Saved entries
*****

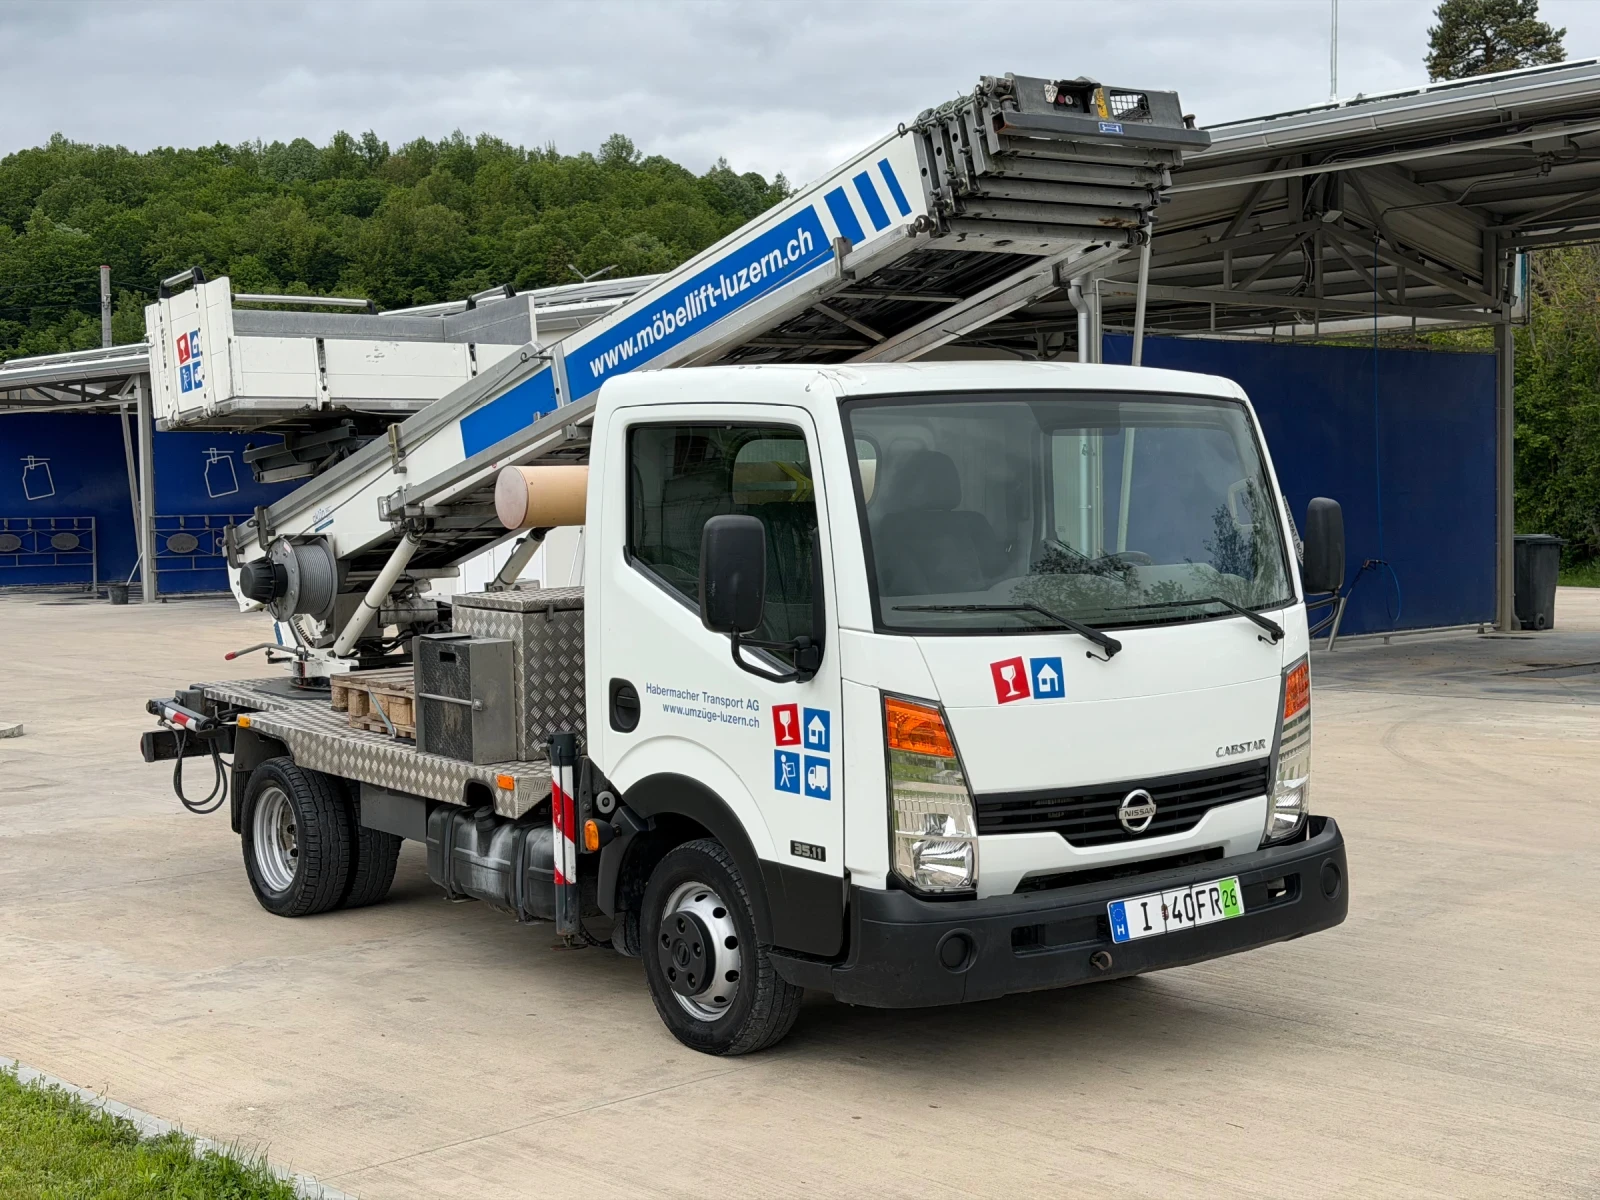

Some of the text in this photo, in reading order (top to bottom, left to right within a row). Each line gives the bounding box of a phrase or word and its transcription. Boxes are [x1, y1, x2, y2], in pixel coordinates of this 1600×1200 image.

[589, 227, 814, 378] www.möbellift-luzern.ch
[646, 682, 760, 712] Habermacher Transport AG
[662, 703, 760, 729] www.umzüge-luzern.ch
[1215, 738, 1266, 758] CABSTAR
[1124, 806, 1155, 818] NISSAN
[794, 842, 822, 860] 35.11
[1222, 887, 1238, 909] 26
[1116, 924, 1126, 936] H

*****

Verbatim reproduction of every entry is needed, with the images left out.

## Answer for the task
Some of the text in this photo, in reading order (top to bottom, left to right within a row). Each line gives the bounding box of a phrase or word and its transcription. Boxes are [x1, y1, x2, y2], in pixel coordinates of this 1600×1200 image.

[589, 227, 814, 378] www.möbellift-luzern.ch
[646, 682, 760, 712] Habermacher Transport AG
[662, 703, 760, 729] www.umzüge-luzern.ch
[1215, 738, 1266, 758] CABSTAR
[1124, 806, 1155, 818] NISSAN
[794, 842, 822, 860] 35.11
[1222, 887, 1238, 909] 26
[1116, 924, 1126, 936] H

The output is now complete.